*What the task requires*:
Look through the data below and work out how many lines contain the string "SEAT". Give the number alone.

Information Start Marker

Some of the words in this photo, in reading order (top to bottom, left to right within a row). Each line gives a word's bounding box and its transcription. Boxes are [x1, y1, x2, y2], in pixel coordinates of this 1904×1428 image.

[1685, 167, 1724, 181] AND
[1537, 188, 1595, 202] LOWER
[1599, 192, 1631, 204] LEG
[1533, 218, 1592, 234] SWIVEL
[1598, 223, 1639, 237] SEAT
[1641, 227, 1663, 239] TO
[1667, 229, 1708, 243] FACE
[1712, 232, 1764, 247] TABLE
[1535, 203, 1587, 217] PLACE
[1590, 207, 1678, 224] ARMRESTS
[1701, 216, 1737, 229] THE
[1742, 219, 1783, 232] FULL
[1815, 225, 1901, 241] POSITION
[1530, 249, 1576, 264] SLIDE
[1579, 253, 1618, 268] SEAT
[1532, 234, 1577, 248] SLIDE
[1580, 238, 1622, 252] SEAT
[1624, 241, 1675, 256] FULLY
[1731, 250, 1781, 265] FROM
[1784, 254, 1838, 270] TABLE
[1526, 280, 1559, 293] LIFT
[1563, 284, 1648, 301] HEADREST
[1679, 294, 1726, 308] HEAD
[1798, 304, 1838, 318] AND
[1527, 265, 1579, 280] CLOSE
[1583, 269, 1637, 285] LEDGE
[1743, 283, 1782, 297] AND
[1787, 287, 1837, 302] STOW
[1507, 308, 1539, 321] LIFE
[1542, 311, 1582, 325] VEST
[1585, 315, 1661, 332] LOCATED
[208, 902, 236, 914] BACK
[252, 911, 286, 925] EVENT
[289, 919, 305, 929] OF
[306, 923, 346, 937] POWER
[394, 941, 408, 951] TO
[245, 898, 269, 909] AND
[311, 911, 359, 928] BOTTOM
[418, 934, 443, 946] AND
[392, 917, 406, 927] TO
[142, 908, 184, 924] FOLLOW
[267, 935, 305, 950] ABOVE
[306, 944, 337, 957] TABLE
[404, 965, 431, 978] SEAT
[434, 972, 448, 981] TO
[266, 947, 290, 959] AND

Information End Marker

*Written answer*:
4